Anche solo sentirla parlare al telefono dà carica. Sarà per questo che è stata una delle pallavoliste italiane più forti (Miglior Palleggiatrice al mondo nel 1998) e capitana della Nazionale. Eppure, non le piace essere definita una “motivatrice”, piuttosto, pensa che il suo ruolo oggi sia “raccontare esperienze” e trasmettere a chi la ascolta la voglia di mettersi in gioco.

Maurizia Cacciatori, 47 anni, si è avvicinata al mondo delle Risorse Umane già all’epoca della sua carriera sportiva: “Anche quando ero in attività venivo interpellata dalle aziende, che volevano capire come, da capitana della Nazionale di volley, gestivo il mio team”, racconta, spiegando di avere sempre accettato gli inviti a salire sul palco con grande entusiasmo e di avere sempre creduto nel parallelismo tra mondo dello sport e mondo aziendale.

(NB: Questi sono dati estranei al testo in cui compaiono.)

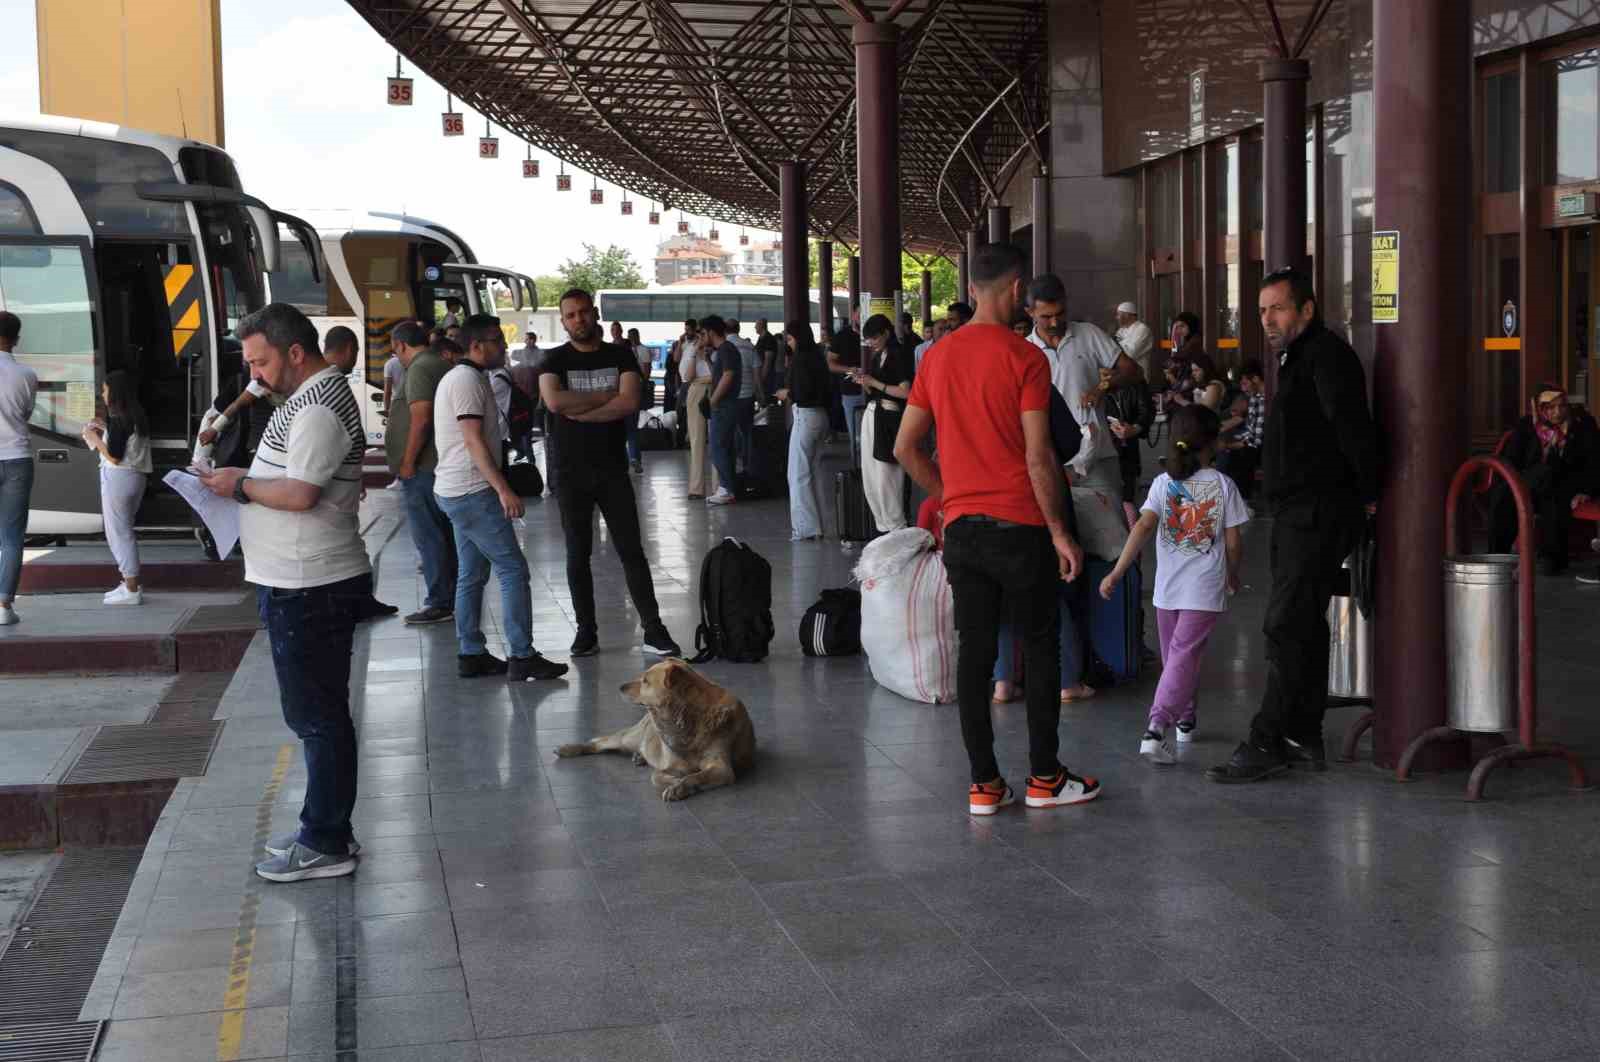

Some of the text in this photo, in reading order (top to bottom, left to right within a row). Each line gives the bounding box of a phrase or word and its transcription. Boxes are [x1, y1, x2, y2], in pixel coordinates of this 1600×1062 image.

[391, 85, 411, 100] 35
[444, 118, 463, 132] 36
[481, 143, 497, 155] 37
[524, 164, 539, 176] 38
[558, 179, 571, 190] 39
[1372, 296, 1393, 305] TION
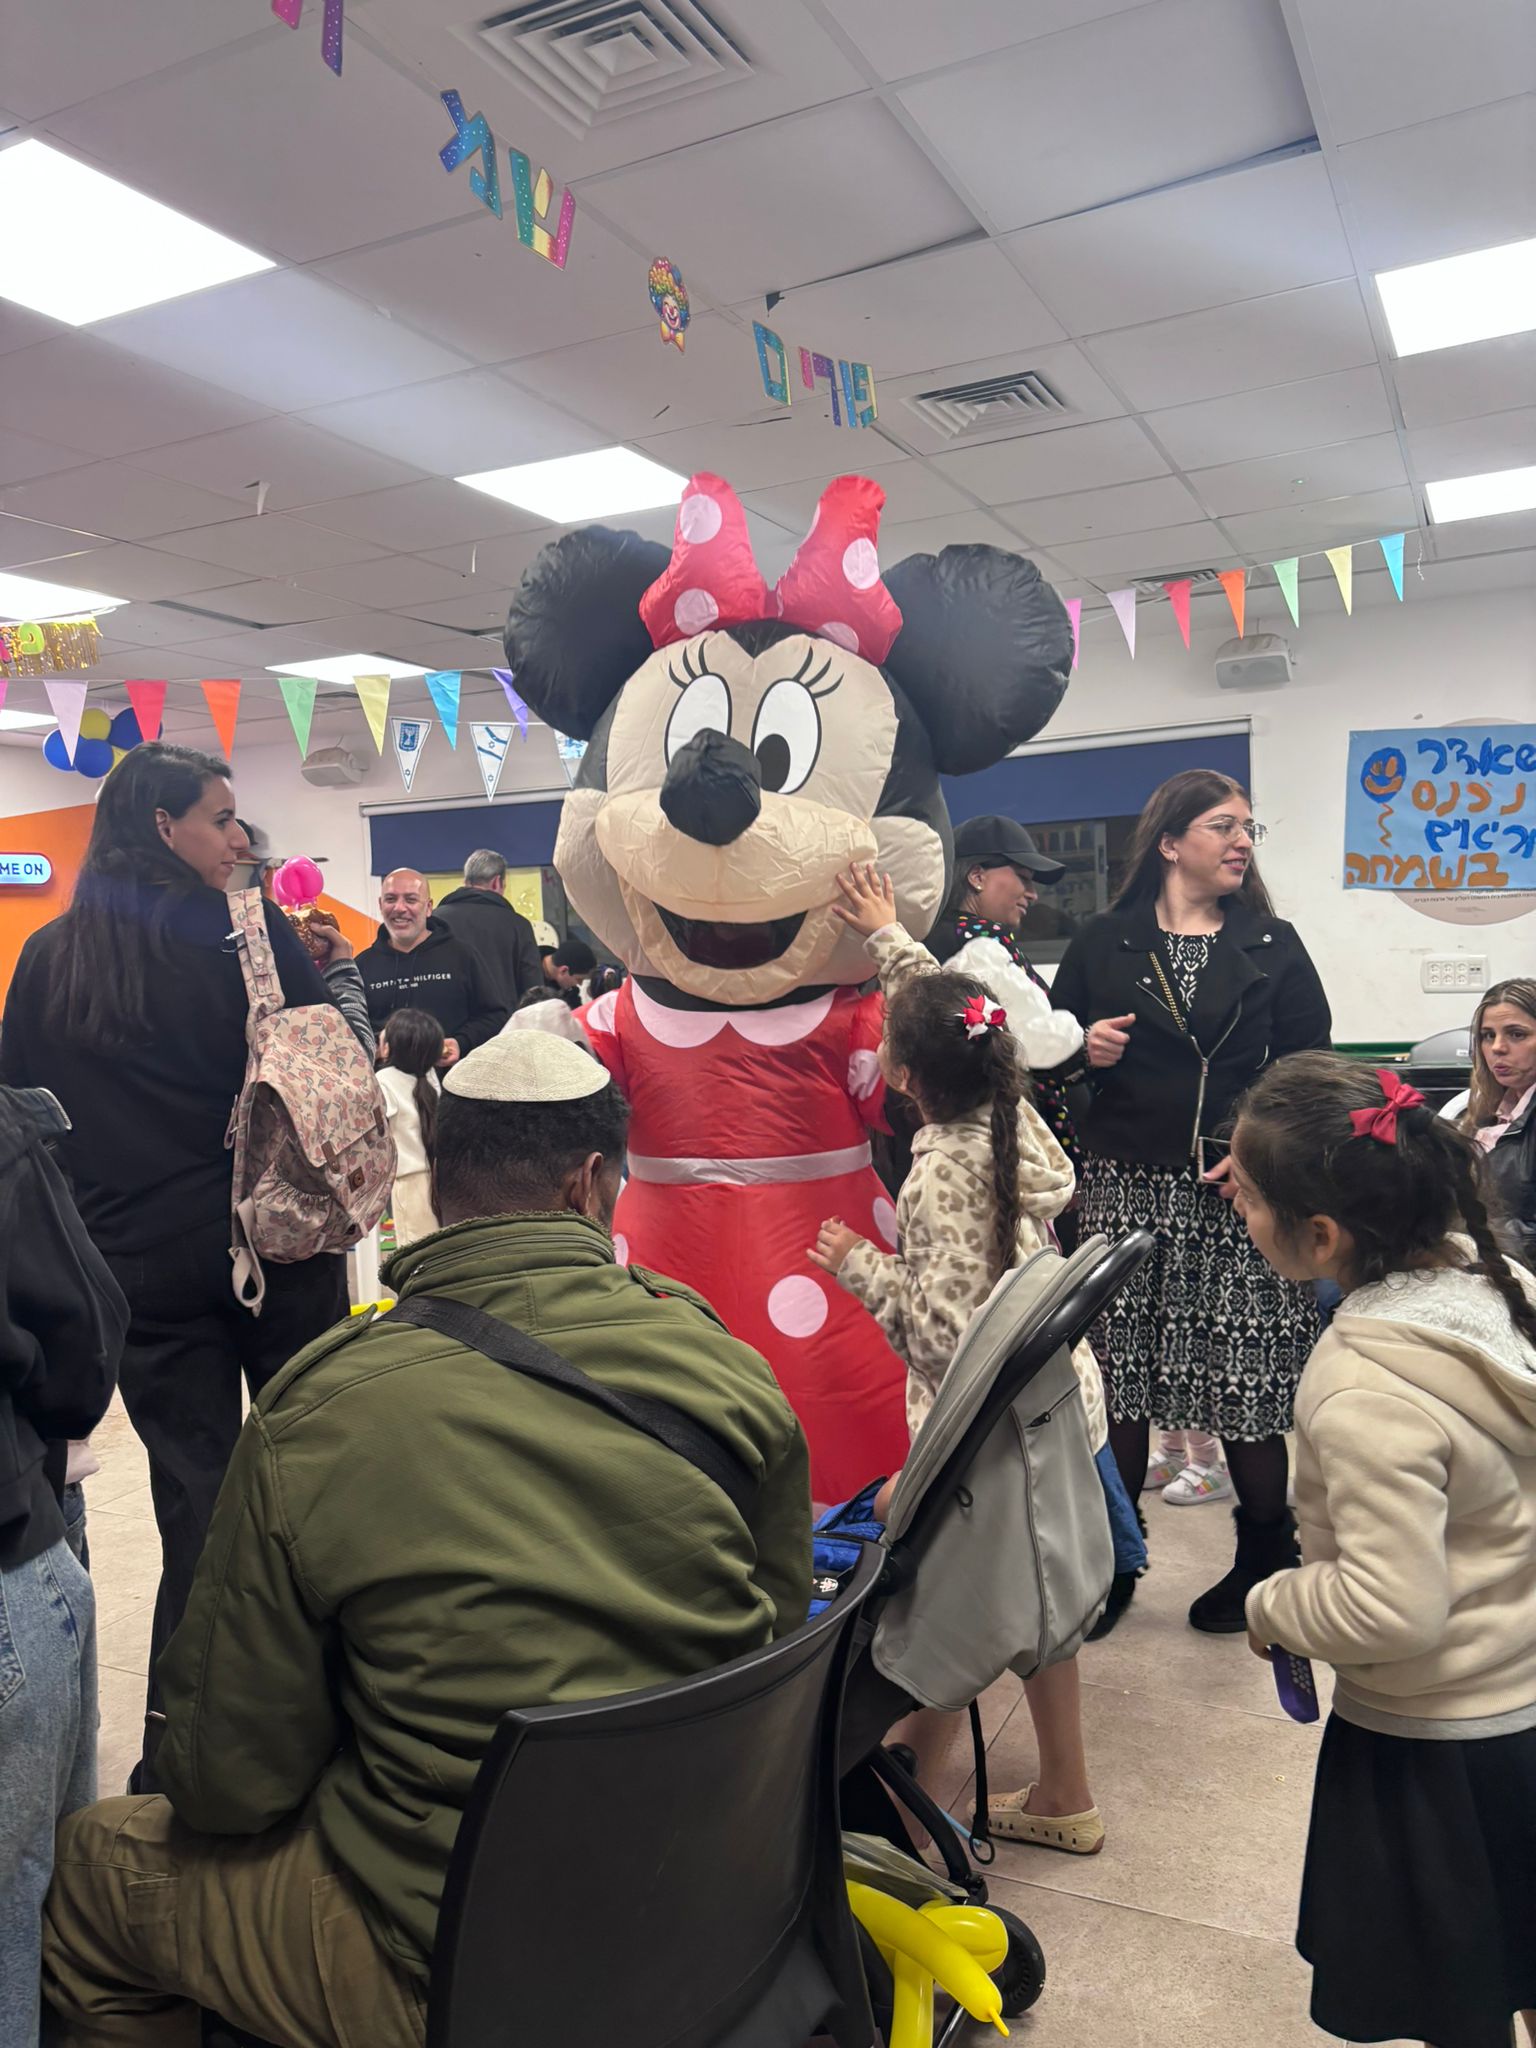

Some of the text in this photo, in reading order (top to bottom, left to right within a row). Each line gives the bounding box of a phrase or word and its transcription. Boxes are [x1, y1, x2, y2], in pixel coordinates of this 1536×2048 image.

“Finita la carriera agonistica, ho lavorato nell’ambito della comunicazione, come commentatrice sportiva. Oggi mi sento a mio agio nel ruolo di relatrice aziendale, perché posso portare le mie esperienze, raccontare le storie che ho condiviso con squadre vincenti e meno vincenti, i momenti di difficoltà che insieme alle compagne abbiamo saputo superare. Insomma, parlo di un vissuto che torna molto utile nell’ambito delle soft skill”.

Ricordi il tuo debutto come relatrice aziendale?

Ho un’immagine molto forte di una presentazione che feci con Pfizer, in una convention dove per la prima volta avrei dovuto parlare per un paio d’ore: una prova ben diversa da quelle che ho affrontato per tanti anni sul campo, perché lì sarei stata da sola, non era il gioco di squadra al quale ero abituata. Mi ero molto preparata, proprio come quando ci si concentra per un match, e pensavo di avere tutto sotto controllo, ma una volta salita sul palco ho sentito una forte emozione, che mi ha riportato con la mente nel palazzetto di Sidney, dove nel 2000 giocammo le Olimpiadi. Allora mi sono detta che potevo farcela anche in quel contesto, vivendo comunque l’emozione del momento.

Come ti sei preparata per diventare una professionista anche nell’ambito della formazione aziendale?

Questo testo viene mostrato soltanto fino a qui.